The answer to our second question—Does this filtering strategy filter out patients who are in need of treatment?—appears to be “no.” The patterns of HRQOL scores and health care utilization seen for the “filtered-out” patients were indistinguishable from those of a third group of more severely symptomatic patients who did not meet depression criteria at the time of screening and who would not routinely be considered candidates for antidepressant treatment. The presence of a cohort of “middle-ground” patients has been noted in other cross-sectional primary care samples.14 Whether these patients represent persons with “major depression-in-waiting” or simply distressed and sad individuals is debatable, but there is no evidence to suggest that immediate detection and treatment lead to improved outcomes for these patients. Therefore, in routine clinical practice there would appear to be little risk in failing to identify and treat these patients unless or until their symptom severity increases.

This study does contain some important limitations. First, its cross-sectional nature does not allow us to address important questions about the middle-ground (“high severity only” and “DSM positive only”) patients, such as when they might warrant treatment, whether or when rescreening is useful, or whether “watchful waiting” is the appropriate clinical strategy for these 2 groups. Also, our decision to include as “DSM positive” those patients meeting criteria for dysthymia and MDD in remission deserves a brief explanation. Our previous work with this sample suggested that many patients meeting criteria for these 2 syndromes had high levels of distress and might be thought of as “depressed” by clinicians in routine practice. We included them to make our stratification strategy more closely representative of usual primary care practice. Repeat analyses including only MDD patients as “DSM positive” did not change our primary findings and conclusions, but they did—as expected—decrease the number of subjects in the “positive severity and criteria” group as well as increase the number of subjects in the “high severity only” group.

Despite these limitations, we believe that the results of this study offer hope to practicing physicians trying to cope with the growing depression screening mandate. Primary care physicians seeking to implement depression screening must deal with the fact that depression-screening protocols impose significant burdens on busy clinicians. In the setting of high competing demand15,16 in primary care, this additional effort—or “cognitive burden”— may render such screening impossible to accomplish in a routine clinical encounter. Several studies support this notion. Rost et al17,18 found that a screening protocol was not sustainable in primary care, in large part because primary care clinicians were unable to determine which screened patients were most in need of treatment. Dobscha et al19 found that clinicians failed to adhere to even a limited practice-based screening protocol. Williams et al20 found no difference in treatment rates or short-term outcomes when comparing brief (1-question) and comprehensive (20-question) case-finding protocols with customary clinical care.

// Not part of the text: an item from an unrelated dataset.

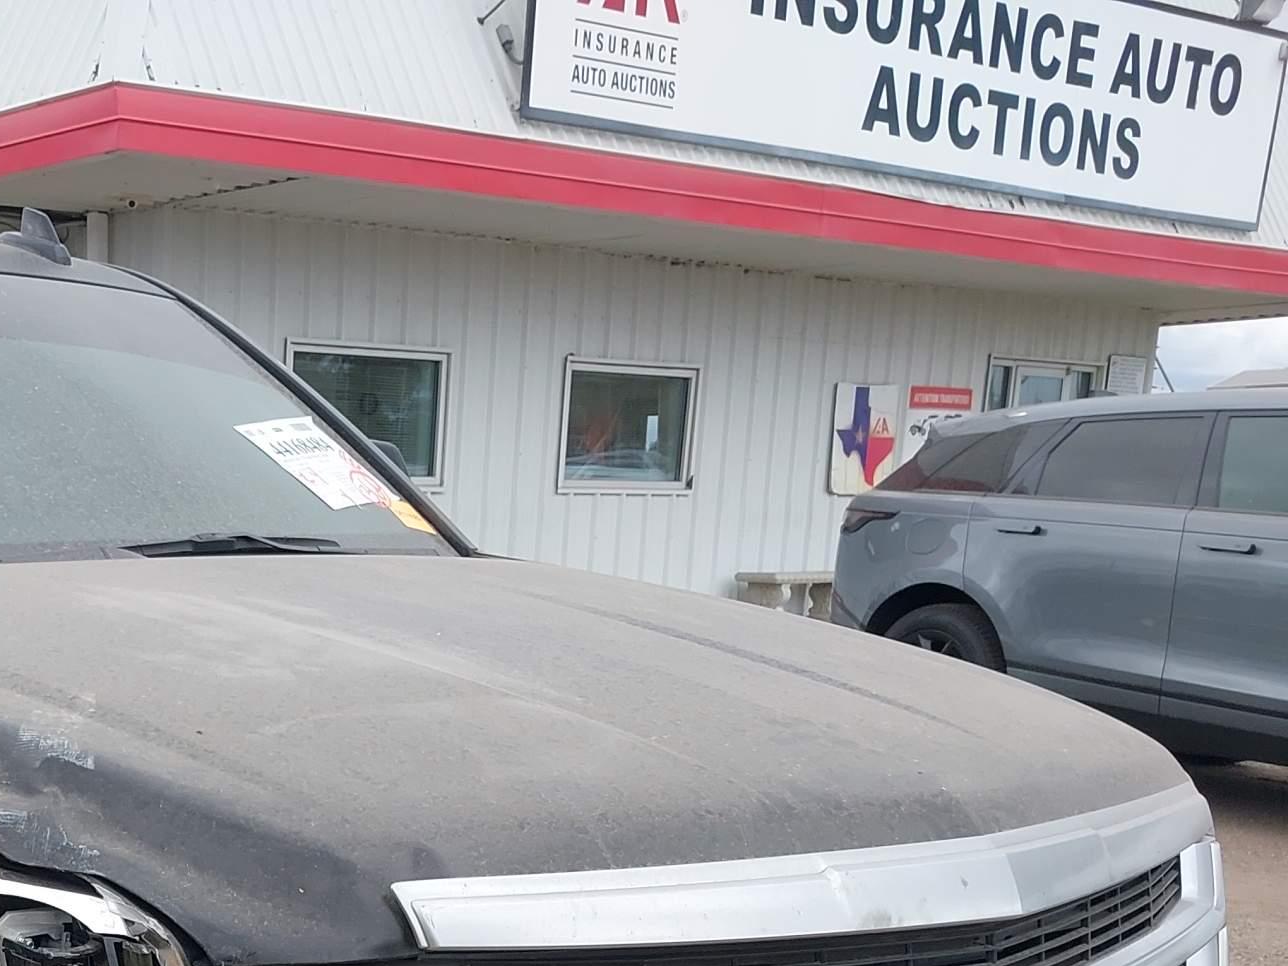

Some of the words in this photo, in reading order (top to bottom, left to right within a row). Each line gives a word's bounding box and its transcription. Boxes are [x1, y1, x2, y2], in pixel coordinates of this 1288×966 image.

Our results suggest that a simple refinement to a screening protocol—ie, using a brief severity measure to target the patients most appropriate for further DSM diagnostic evaluation—could help clinicians in 2 ways. First, it could decrease the burden of positive screening results by one third according to this study. Second, it could provide a more specific “prompt to act” rather than the “prompt to consider” provided by the use of current DSM criteria–based instruments. The importance of this last point should not be underestimated. Valenstein et al21 demonstrated that clinicians’ perceptions of the value of positive screen results are closely linked to their likelihood to initiate treatment. If we can enhance the value of the positive prompt, we can improve the rate of response to prompting.